Optical Coherence Tomography for biomedical imaging

Close up of an eye

The Applied Optics Group (AOG) has been at the forefront of fundamental research into Optical Coherence Tomography (OCT) for eye-imaging since 1996.

Optical Coherence Tomography for Biomedical Imaging

The University of Kent’s Applied Optics Group (AOG) is led by by Professor Adrian Podoleanu, who has over 27 years of experience in advancing Optical Coherence Tomography (OCT) technology for biomedical imaging. This highly accurate imaging technology is important for the diagnostic and treatment of various medical conditions ranging from glaucoma to skin cancer, benefitting millions of people across the world.

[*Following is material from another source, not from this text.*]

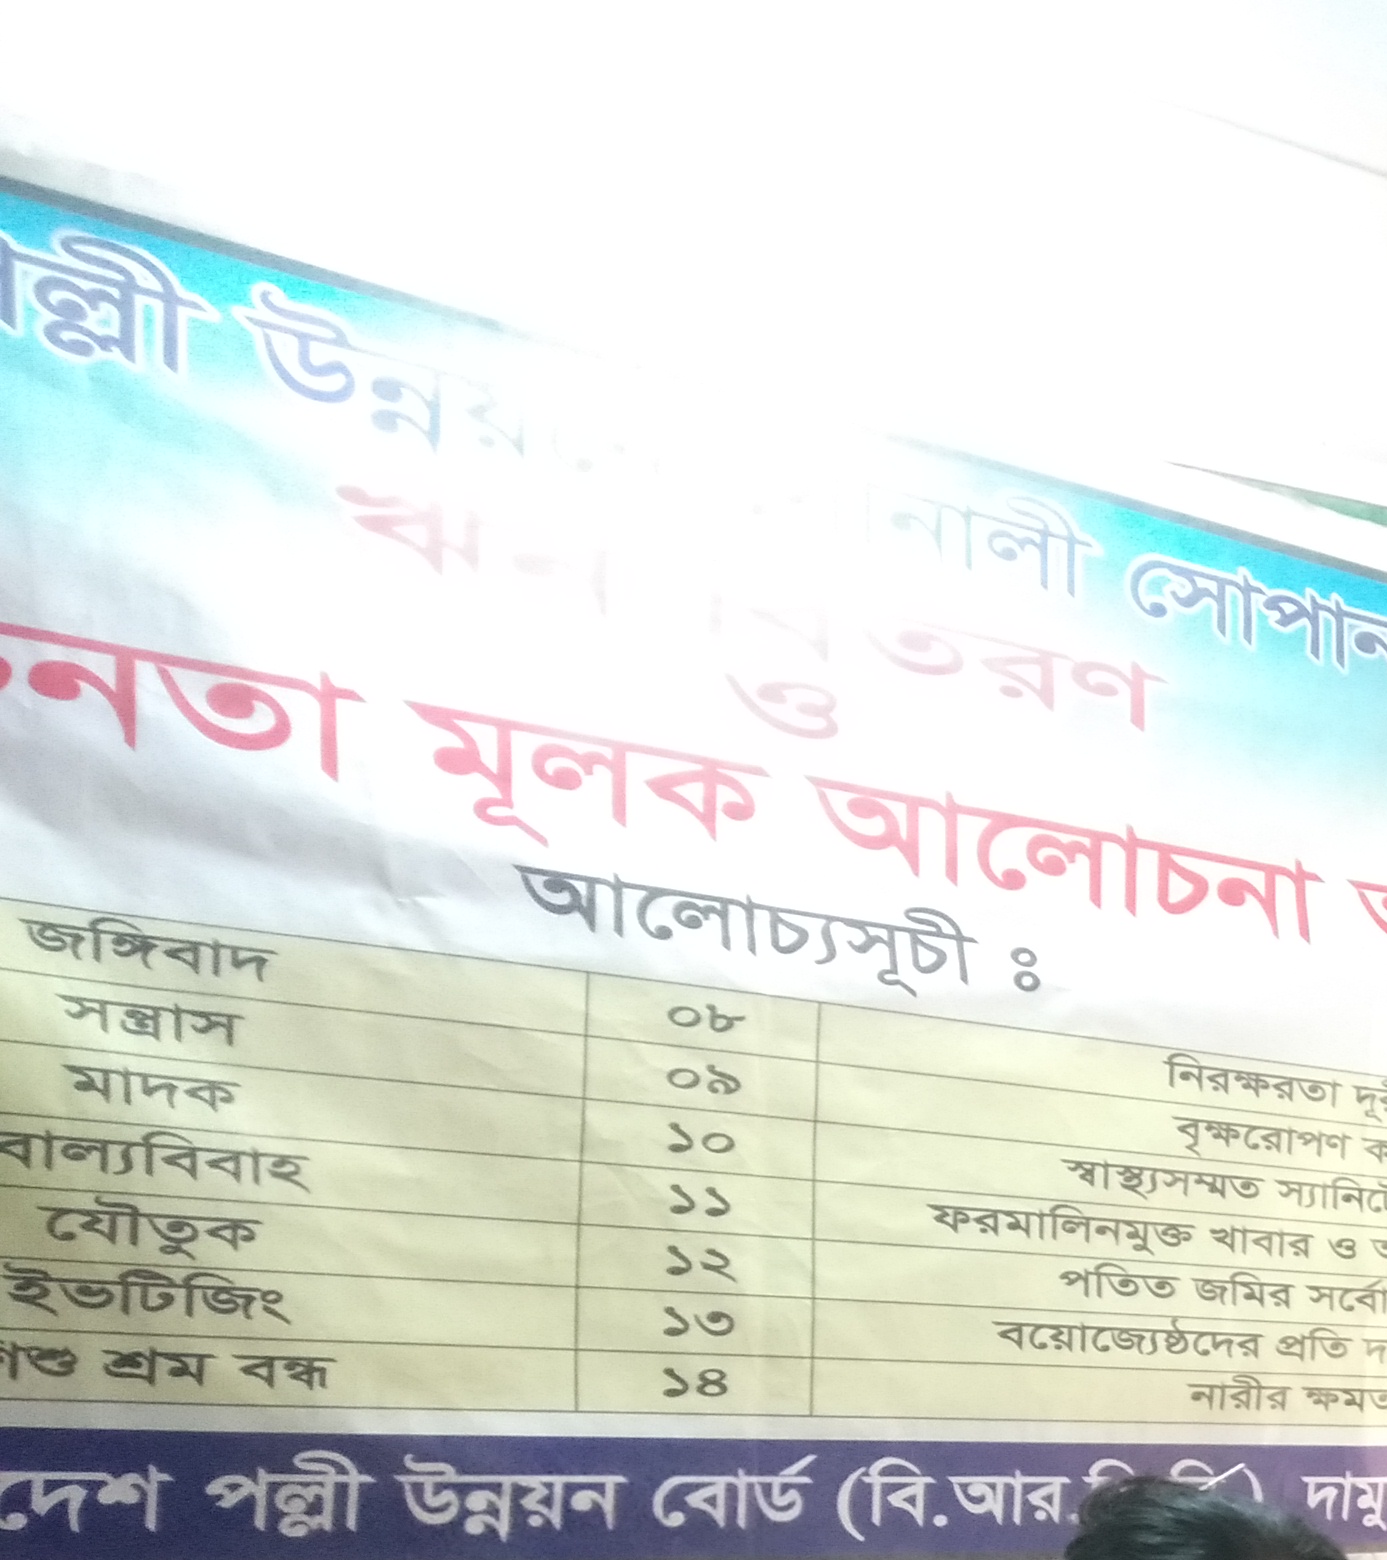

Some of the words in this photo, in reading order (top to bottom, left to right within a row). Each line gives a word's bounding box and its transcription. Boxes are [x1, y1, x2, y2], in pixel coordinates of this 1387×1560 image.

Researchers in the University of Kent’s AOG were the first to show en-face OCT images from the retina, now known as C-scans.

Building on this, they developed the world’s first combined Scanning Laser Ophthalmoscopes (SLO) and OCT instruments(OCT/SLO) for the diagnosis of eye diseases. The two-dozen patents protecting the original technology are still being maintained by key stakeholders that have successfully commercially exploited the technology.

Pairs of confocal (left)/ultrahigh resolution C-scan images (right) of the macular region of the human retina in vivo: (a) the inner limiting membrane (ILM) and the vitreous (V) are visible; (b) the tilt in the C-scan sectionning plane with respect to the macula reveals retinal layers from a B-scan perspective: NFL nerve fiber layer, GCL ganglion cell layer, IPL inner plexiform layer, INL inner nuclear layer, OPL outer plexiform layer, ELM external limiting membrane, IS/OS junction between the inner and outer photoreceptors, RPE retinal pigment epithelium, CC choriocapillaris, C choroid. R. Cucu et al, •https://doi.org/10.1364/OL.31.001684

In collaborations with various academic and industrial partners, the Applied Optics Group continuously sought to further advance en-face technology ever since. Particularly noteworthy in this context is the collaboration between the University of Kent’s AOG, Richard Rosen at the New York Eye and Ear Infirmary (NYEEI) and Rishard Weitz at the Ophthalmic Inc Canada (OTI). The collaboration led to clinical advances of OCT/SLO and incorporation of other optical modalities, such as OCT/SLO with indocyanine green angiography (ICG), longer wavelength OCT/SLO, and ultra-high-resolution OCT/SLO.

ICG/OCT/SLO sets of a patient with polypoidal choroidal neovascularization: Mid arterial-venous phase demonstrates leash of abnormal vessels with hyper-fluorescent bulbous ending. OCT image outlines the overlying serous elevation surrounding the vessels [R. Rosen, https://doi.org/10.1167/iovs.08-1855].

In collaboration with Optovue, Richard Rosen went on to develop and implement en-face views of vasculature of the retina, a technology now known as OCT angiography (OCTA). OCTA offers additional benefits to OCT as a non-invasive imaging technique that enables visualisation of vascular networks in the human retina, choroid, skin, etc. OCTA has been deemed a “landmark discovery” that “revolutionized the clinician’s access to non-invasive 3-dimensional vascular beds as a quantitative tool for management of diabetic retinopathy, age-related macular degeneration, and glaucoma”. OCTA also provided an impetus for new commercial developments, in particular the development of OCTA instrumentation.

AOG’s collaboration with DTU and Bispbjerg Hospital (Denmark), in turn, enabled the clinical application of combined OCT and laser technology, which has improved skin cancer diagnostics for thousands at Bispebjerg Hospital. OCT-laser technology is now being commercially exploited by companies, such as NKT.

The AOG has an ongoing programme for visual assessment with the Biomedical Research Centre at the UCL Institute of Ophthalmology – Moorfield Eye Hospital. In addition to being a research collaborator, the BRC has been involved as an associate partner in training PhD students on two Marie Curie Innovative Training Networks lead by Kent.  One of these explores using tunable lasers for OCT (ongoing) and the other focuses on using OCT for broadband lasers commercialised by NKT.

OCT is mainly applied in ophthalmology but the AOG also has a programme on OCT for embryology in collaboration with Professor Darren Griffin (who developed a non-invasive imaging technology for embryo screening called Karyomapping with colleagues). Research ensuing from this programme has shown that time-lapse videos and Optical Coherence Tomography (OCT) can be used to measure developing embryo internal structure, . Being joined by Dr Alejandro Chavez-Badio this collaboration is now aiming to develop novel artificial intelligence (AI) strategies to improve assisted reproduction outcomes.

Further to this the AOG is evaluating the utility of OCT for forensic science and  document inspection in collaboration with Foster and Freeman.